A political meltdown

Republicans making desperate attempt to send radioactive waste to Nevada

Greg Jaczko, chairman of the Nuclear Regulatory Commission, recently told his staff to start phasing out their review of the proposed nuclear waste dump at Yucca Mountain, 90 miles northwest of Las Vegas.

That caused an outcry from the nuclear industry and its supporters in Congress. They claim Jaczko has overstepped his bounds and is motivated by “partisan politics” because, before being named to the commission, he was an aide to Sen. Harry Reid of Nevada.

But those accusations are ridiculous. Jaczko’s decision isn’t political, it’s practical. The White House has zeroed out the budget for Yucca and is trying to withdraw the foolish Bush-era application to build the waste dump, an application made to the NRC. President Barack Obama has declared his opposition to a Yucca repository and formed a commission to study what else the nation can do with its nuclear waste instead of hauling it across the country to Nevada. Given all of that, what’s the point of the NRC spending any more money evaluating the project?

Republicans say only Congress can end the project, and they still claim that it’s good policy. How they do that with a straight face is a mystery.

The federal government has spent billions of dollars on it and only has a big hole in the ground to show for it. The science the Bush administration used to try to support the project is, at best, incomplete, and the science there has been called into question time and again. There are significant, unresolved safety concerns about the project, and Yucca Mountain is a terrible site to begin with. It’s a porous volcanic ridge, and studies have shown that it is hardly suitable to contain nuclear waste. Besides, the waste is safe where it is — at reactor sites, safely enclosed in concrete.

Yet Republicans want to spend billions more — the Energy Department estimates it could cost $100 billion — pursuing a dangerous project. And this is the party that declares itself to be fiscally responsible?

Although Republicans are quick to complain about politics, they don’t want to acknowledge that the roots of the project are steeped in it.

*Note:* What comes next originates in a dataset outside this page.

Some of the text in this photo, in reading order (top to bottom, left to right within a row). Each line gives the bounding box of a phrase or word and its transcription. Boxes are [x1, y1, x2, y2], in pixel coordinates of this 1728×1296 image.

Yucca Mountain was chosen as the proposed site for the nation’s high-level nuclear waste in 1987 over several much more suitable sites because Nevada didn’t have any political clout at the time. There were better sites in other states, including locations in Texas and Washington. But those states had clout: The vice president and speaker of the House were from Texas; the majority leader in the House was from Washington. Nevada’s small congressional delegation didn’t have much muscle.

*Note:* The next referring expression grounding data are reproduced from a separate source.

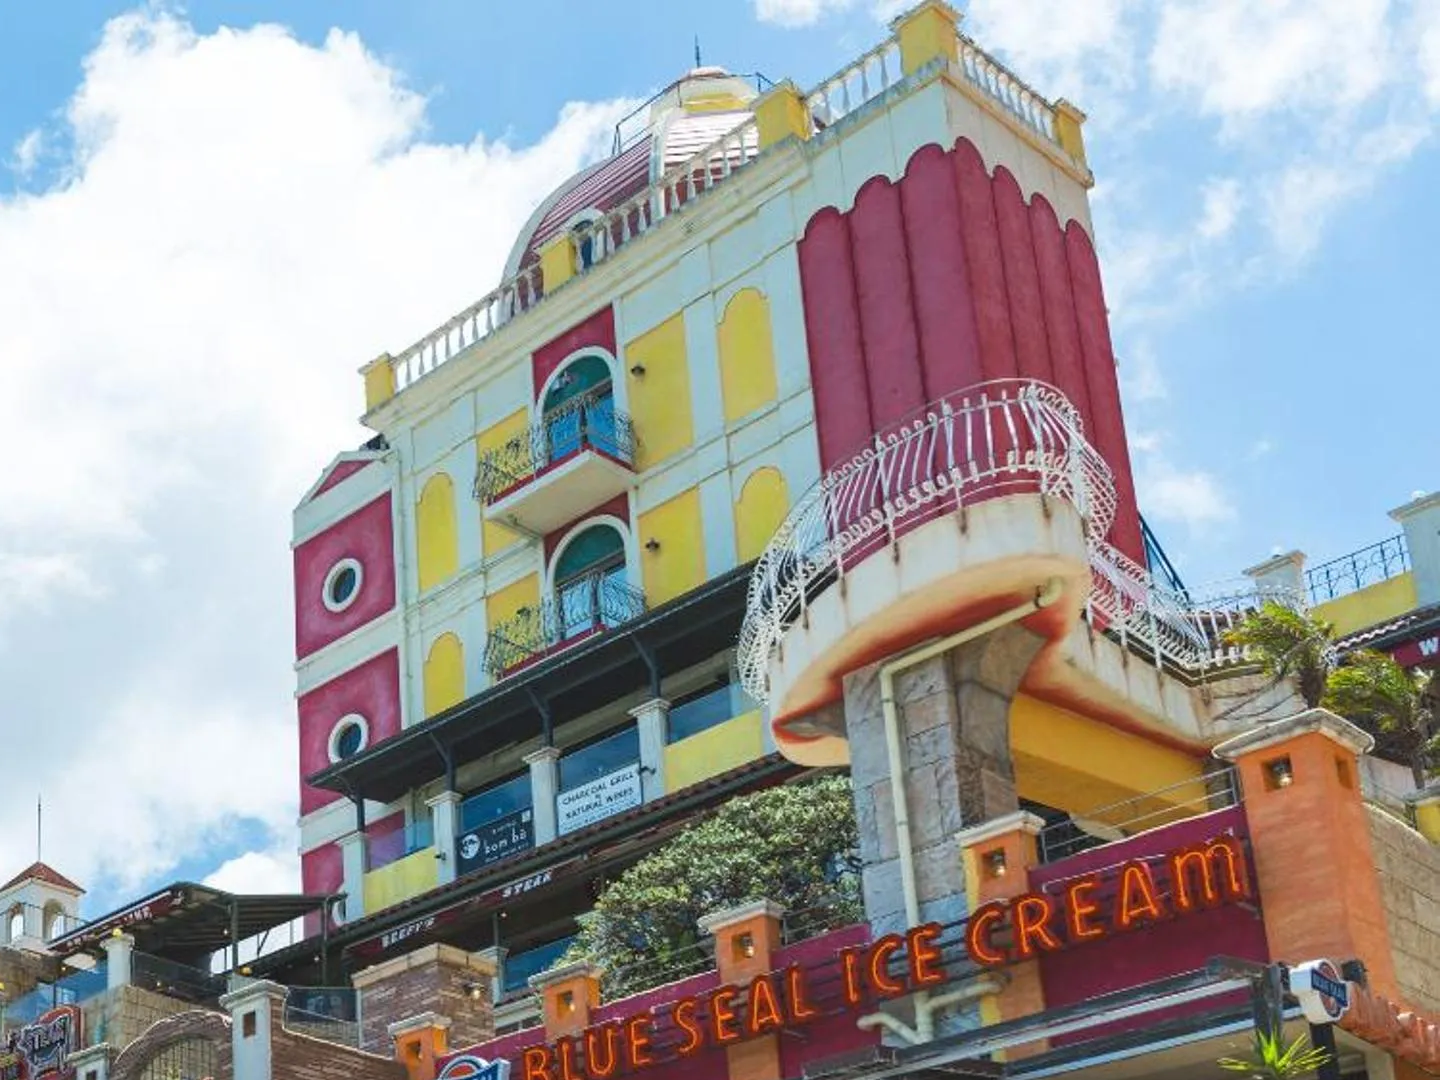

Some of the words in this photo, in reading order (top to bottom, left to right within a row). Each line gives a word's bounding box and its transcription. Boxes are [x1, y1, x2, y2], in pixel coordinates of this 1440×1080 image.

[562, 782, 608, 805] CHARCOAL
[609, 773, 635, 789] GRILL
[565, 799, 603, 820] NATURAL
[502, 870, 553, 899] STEAK
[673, 963, 815, 1057] SEAL
[840, 923, 945, 1004] ICE
[965, 836, 1250, 966] CREAM

In the years since, the federal government has spent billions of dollars trying to support a poor choice, and that effort has largely been supported by the Republican Party, which has done the bidding of the nuclear industry.

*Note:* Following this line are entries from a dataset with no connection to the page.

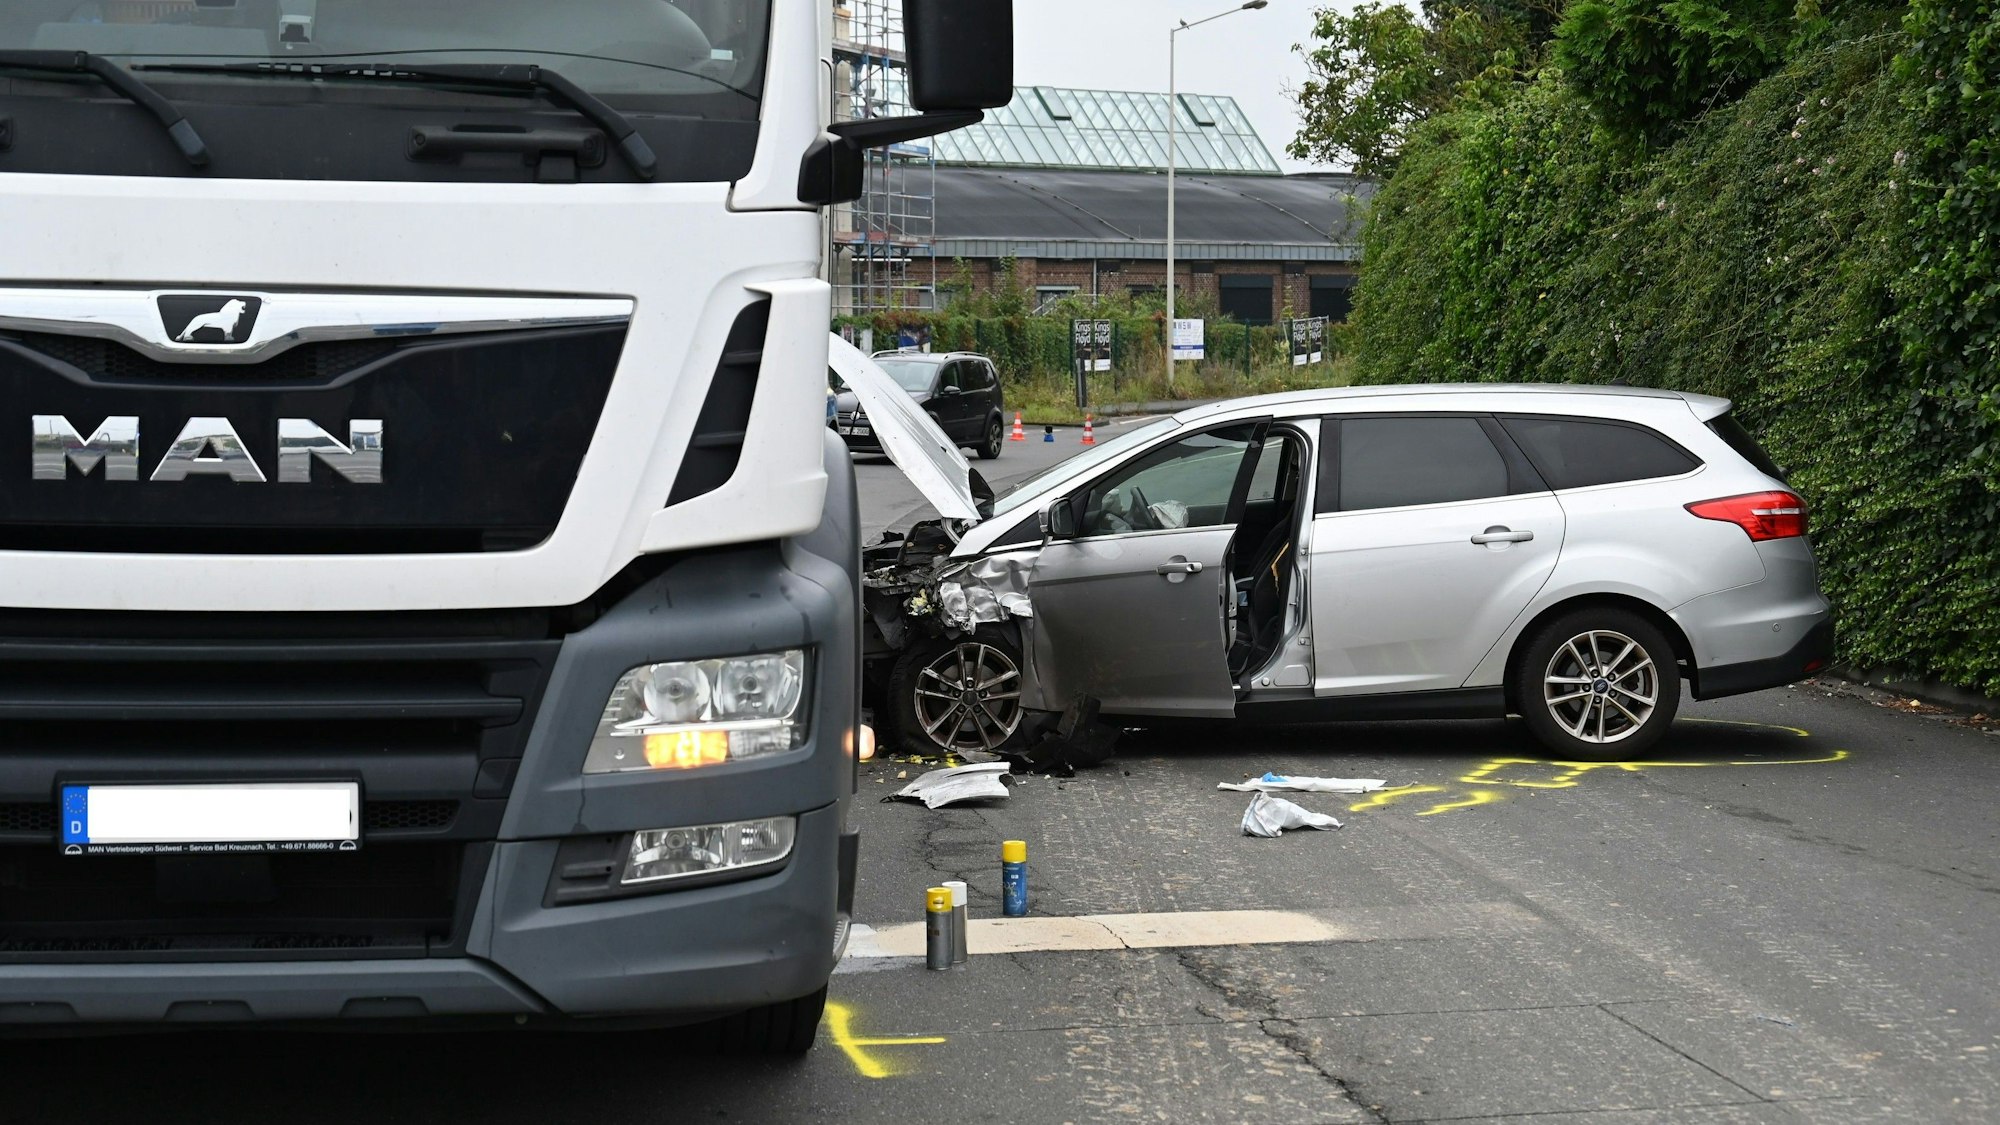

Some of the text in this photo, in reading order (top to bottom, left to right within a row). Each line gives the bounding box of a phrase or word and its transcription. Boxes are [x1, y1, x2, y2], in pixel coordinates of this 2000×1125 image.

[1075, 322, 1091, 335] Kings
[1095, 322, 1110, 335] Kings
[1076, 333, 1091, 346] Floyd
[1095, 333, 1110, 346] Floyd
[32, 414, 383, 483] MAN
[71, 820, 82, 834] D
[87, 845, 104, 853] MAN
[105, 845, 154, 854] Vertriebsregion
[155, 844, 183, 852] Südwest
[189, 843, 213, 852] Service
[214, 843, 228, 851] Bad

Led by Senate Majority Leader Harry Reid, Nevada’s congressional delegation has solidly been against a Yucca repository for years and has pushed the project to the brink of defeat. We can’t imagine what would have happened had Reid lost to Sharron Angle, who would have recklessly pushed ahead with efforts to bring nuclear waste to Nevada.

It is clear that Republicans, as they prepare to take control of the House, are ramping up a last-ditch effort to push a Yucca dump through. The GOP is starting with a high-profile and what appears to be coordinated attack on Jaczko because of his ties to Reid.

House Republicans have requested the NRC turn over documents about its deliberations on Yucca, and three Republican members recently wrote a letter to the White House demanding answers about Jaczko’s actions. And a former Republican member of the NRC complained to its inspector general, calling for an investigation of Jaczko.

And the Republicans have the gall to ascribe political motivations to Jaczko?

Let’s end the charade. Republicans are playing politics once again, and they are willing to risk the nation’s safety and spend billions of dollars in the process. That’s despicable.